* _AIM OF THE EXERCISE_:
Output all records verbatim.

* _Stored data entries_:
□ □ □ □ □ □ □

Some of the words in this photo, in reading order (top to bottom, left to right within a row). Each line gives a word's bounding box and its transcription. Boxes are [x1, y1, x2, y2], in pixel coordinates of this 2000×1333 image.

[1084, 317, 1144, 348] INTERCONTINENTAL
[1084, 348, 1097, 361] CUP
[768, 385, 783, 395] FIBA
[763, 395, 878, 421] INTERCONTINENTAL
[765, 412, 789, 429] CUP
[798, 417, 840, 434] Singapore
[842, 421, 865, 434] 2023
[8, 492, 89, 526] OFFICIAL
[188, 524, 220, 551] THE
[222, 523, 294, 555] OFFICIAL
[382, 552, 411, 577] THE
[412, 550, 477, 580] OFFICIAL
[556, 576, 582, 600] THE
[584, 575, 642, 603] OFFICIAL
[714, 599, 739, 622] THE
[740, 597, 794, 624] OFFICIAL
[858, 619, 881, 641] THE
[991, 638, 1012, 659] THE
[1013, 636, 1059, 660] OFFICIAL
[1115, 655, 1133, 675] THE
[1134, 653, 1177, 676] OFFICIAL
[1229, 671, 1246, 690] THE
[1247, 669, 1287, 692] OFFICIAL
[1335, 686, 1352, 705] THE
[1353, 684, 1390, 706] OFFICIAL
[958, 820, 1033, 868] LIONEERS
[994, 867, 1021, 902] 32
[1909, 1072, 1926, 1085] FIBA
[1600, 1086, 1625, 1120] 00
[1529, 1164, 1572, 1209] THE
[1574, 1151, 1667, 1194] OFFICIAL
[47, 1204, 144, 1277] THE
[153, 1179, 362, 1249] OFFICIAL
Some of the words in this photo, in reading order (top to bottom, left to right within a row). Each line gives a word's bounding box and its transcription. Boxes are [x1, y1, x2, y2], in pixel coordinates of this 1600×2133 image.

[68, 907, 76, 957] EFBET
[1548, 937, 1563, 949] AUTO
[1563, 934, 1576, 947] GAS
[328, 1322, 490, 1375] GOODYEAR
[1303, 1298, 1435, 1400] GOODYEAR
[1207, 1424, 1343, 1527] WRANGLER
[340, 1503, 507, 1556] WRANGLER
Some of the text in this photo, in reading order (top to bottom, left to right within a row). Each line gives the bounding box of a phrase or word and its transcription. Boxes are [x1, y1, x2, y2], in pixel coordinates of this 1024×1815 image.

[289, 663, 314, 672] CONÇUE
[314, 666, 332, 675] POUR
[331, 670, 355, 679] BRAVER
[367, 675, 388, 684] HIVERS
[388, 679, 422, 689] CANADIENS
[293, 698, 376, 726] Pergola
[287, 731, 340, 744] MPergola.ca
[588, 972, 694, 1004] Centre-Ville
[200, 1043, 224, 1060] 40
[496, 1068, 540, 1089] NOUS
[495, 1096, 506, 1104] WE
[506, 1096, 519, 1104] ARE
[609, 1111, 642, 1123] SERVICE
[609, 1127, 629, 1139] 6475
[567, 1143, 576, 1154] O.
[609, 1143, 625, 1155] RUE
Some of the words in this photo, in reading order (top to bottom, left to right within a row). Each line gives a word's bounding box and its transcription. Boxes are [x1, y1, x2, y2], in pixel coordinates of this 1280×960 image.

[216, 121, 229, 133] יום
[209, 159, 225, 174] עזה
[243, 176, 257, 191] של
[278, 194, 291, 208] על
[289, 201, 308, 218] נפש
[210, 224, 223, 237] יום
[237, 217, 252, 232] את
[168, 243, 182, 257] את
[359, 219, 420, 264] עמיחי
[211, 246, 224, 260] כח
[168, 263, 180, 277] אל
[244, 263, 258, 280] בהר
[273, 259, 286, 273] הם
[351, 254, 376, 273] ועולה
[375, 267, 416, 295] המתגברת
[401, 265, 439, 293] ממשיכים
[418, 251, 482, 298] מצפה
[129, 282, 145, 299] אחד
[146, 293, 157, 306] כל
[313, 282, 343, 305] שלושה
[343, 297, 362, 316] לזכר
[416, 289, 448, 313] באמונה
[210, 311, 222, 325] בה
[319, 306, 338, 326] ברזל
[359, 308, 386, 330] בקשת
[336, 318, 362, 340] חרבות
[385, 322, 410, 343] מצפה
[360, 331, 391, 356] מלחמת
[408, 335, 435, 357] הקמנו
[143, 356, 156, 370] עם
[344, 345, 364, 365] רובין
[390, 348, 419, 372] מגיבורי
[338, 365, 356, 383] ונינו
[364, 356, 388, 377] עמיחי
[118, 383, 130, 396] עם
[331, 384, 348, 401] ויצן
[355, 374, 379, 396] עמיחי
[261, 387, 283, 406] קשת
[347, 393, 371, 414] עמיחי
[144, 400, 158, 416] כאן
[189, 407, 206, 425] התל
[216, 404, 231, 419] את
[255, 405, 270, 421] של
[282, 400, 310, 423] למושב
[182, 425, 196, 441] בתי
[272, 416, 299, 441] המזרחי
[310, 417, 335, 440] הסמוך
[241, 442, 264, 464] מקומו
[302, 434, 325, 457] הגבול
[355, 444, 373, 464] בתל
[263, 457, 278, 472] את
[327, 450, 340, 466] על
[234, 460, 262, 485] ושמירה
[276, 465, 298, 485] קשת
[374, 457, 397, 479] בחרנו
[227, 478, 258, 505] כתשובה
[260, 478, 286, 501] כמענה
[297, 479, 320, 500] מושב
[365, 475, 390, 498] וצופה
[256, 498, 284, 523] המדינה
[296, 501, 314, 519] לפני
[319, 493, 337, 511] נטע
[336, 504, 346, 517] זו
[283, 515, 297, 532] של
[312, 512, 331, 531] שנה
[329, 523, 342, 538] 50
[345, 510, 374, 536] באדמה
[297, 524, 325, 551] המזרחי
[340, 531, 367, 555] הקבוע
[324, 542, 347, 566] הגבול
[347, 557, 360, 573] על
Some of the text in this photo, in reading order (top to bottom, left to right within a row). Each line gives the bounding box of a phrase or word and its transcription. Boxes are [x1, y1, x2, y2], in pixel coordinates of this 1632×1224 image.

□ □ □ □ □ □ □

* _YOUR SOLUTION_:
Some of the words in this photo, in reading order (top to bottom, left to right within a row). Each line gives a word's bounding box and its transcription. Boxes are [x1, y1, x2, y2], in pixel coordinates of this 2000×1333 image.

[1084, 317, 1144, 348] INTERCONTINENTAL
[1084, 348, 1097, 361] CUP
[768, 385, 783, 395] FIBA
[763, 395, 878, 421] INTERCONTINENTAL
[765, 412, 789, 429] CUP
[798, 417, 840, 434] Singapore
[842, 421, 865, 434] 2023
[8, 492, 89, 526] OFFICIAL
[188, 524, 220, 551] THE
[222, 523, 294, 555] OFFICIAL
[382, 552, 411, 577] THE
[412, 550, 477, 580] OFFICIAL
[556, 576, 582, 600] THE
[584, 575, 642, 603] OFFICIAL
[714, 599, 739, 622] THE
[740, 597, 794, 624] OFFICIAL
[858, 619, 881, 641] THE
[991, 638, 1012, 659] THE
[1013, 636, 1059, 660] OFFICIAL
[1115, 655, 1133, 675] THE
[1134, 653, 1177, 676] OFFICIAL
[1229, 671, 1246, 690] THE
[1247, 669, 1287, 692] OFFICIAL
[1335, 686, 1352, 705] THE
[1353, 684, 1390, 706] OFFICIAL
[958, 820, 1033, 868] LIONEERS
[994, 867, 1021, 902] 32
[1909, 1072, 1926, 1085] FIBA
[1600, 1086, 1625, 1120] 00
[1529, 1164, 1572, 1209] THE
[1574, 1151, 1667, 1194] OFFICIAL
[47, 1204, 144, 1277] THE
[153, 1179, 362, 1249] OFFICIAL
Some of the words in this photo, in reading order (top to bottom, left to right within a row). Each line gives a word's bounding box and its transcription. Boxes are [x1, y1, x2, y2], in pixel coordinates of this 1600×2133 image.

[68, 907, 76, 957] EFBET
[1548, 937, 1563, 949] AUTO
[1563, 934, 1576, 947] GAS
[328, 1322, 490, 1375] GOODYEAR
[1303, 1298, 1435, 1400] GOODYEAR
[1207, 1424, 1343, 1527] WRANGLER
[340, 1503, 507, 1556] WRANGLER
Some of the text in this photo, in reading order (top to bottom, left to right within a row). Each line gives the bounding box of a phrase or word and its transcription. Boxes are [x1, y1, x2, y2], in pixel coordinates of this 1024×1815 image.

[289, 663, 314, 672] CONÇUE
[314, 666, 332, 675] POUR
[331, 670, 355, 679] BRAVER
[367, 675, 388, 684] HIVERS
[388, 679, 422, 689] CANADIENS
[293, 698, 376, 726] Pergola
[287, 731, 340, 744] MPergola.ca
[588, 972, 694, 1004] Centre-Ville
[200, 1043, 224, 1060] 40
[496, 1068, 540, 1089] NOUS
[495, 1096, 506, 1104] WE
[506, 1096, 519, 1104] ARE
[609, 1111, 642, 1123] SERVICE
[609, 1127, 629, 1139] 6475
[567, 1143, 576, 1154] O.
[609, 1143, 625, 1155] RUE
Some of the words in this photo, in reading order (top to bottom, left to right within a row). Each line gives a word's bounding box and its transcription. Boxes are [x1, y1, x2, y2], in pixel coordinates of this 1280×960 image.

[216, 121, 229, 133] יום
[209, 159, 225, 174] עזה
[243, 176, 257, 191] של
[278, 194, 291, 208] על
[289, 201, 308, 218] נפש
[210, 224, 223, 237] יום
[237, 217, 252, 232] את
[168, 243, 182, 257] את
[359, 219, 420, 264] עמיחי
[211, 246, 224, 260] כח
[168, 263, 180, 277] אל
[244, 263, 258, 280] בהר
[273, 259, 286, 273] הם
[351, 254, 376, 273] ועולה
[375, 267, 416, 295] המתגברת
[401, 265, 439, 293] ממשיכים
[418, 251, 482, 298] מצפה
[129, 282, 145, 299] אחד
[146, 293, 157, 306] כל
[313, 282, 343, 305] שלושה
[343, 297, 362, 316] לזכר
[416, 289, 448, 313] באמונה
[210, 311, 222, 325] בה
[319, 306, 338, 326] ברזל
[359, 308, 386, 330] בקשת
[336, 318, 362, 340] חרבות
[385, 322, 410, 343] מצפה
[360, 331, 391, 356] מלחמת
[408, 335, 435, 357] הקמנו
[143, 356, 156, 370] עם
[344, 345, 364, 365] רובין
[390, 348, 419, 372] מגיבורי
[338, 365, 356, 383] ונינו
[364, 356, 388, 377] עמיחי
[118, 383, 130, 396] עם
[331, 384, 348, 401] ויצן
[355, 374, 379, 396] עמיחי
[261, 387, 283, 406] קשת
[347, 393, 371, 414] עמיחי
[144, 400, 158, 416] כאן
[189, 407, 206, 425] התל
[216, 404, 231, 419] את
[255, 405, 270, 421] של
[282, 400, 310, 423] למושב
[182, 425, 196, 441] בתי
[272, 416, 299, 441] המזרחי
[310, 417, 335, 440] הסמוך
[241, 442, 264, 464] מקומו
[302, 434, 325, 457] הגבול
[355, 444, 373, 464] בתל
[263, 457, 278, 472] את
[327, 450, 340, 466] על
[234, 460, 262, 485] ושמירה
[276, 465, 298, 485] קשת
[374, 457, 397, 479] בחרנו
[227, 478, 258, 505] כתשובה
[260, 478, 286, 501] כמענה
[297, 479, 320, 500] מושב
[365, 475, 390, 498] וצופה
[256, 498, 284, 523] המדינה
[296, 501, 314, 519] לפני
[319, 493, 337, 511] נטע
[336, 504, 346, 517] זו
[283, 515, 297, 532] של
[312, 512, 331, 531] שנה
[329, 523, 342, 538] 50
[345, 510, 374, 536] באדמה
[297, 524, 325, 551] המזרחי
[340, 531, 367, 555] הקבוע
[324, 542, 347, 566] הגבול
[347, 557, 360, 573] על
Some of the text in this photo, in reading order (top to bottom, left to right within a row). Each line gives the bounding box of a phrase or word and its transcription. Boxes are [x1, y1, x2, y2], in pixel coordinates of this 1632×1224 image.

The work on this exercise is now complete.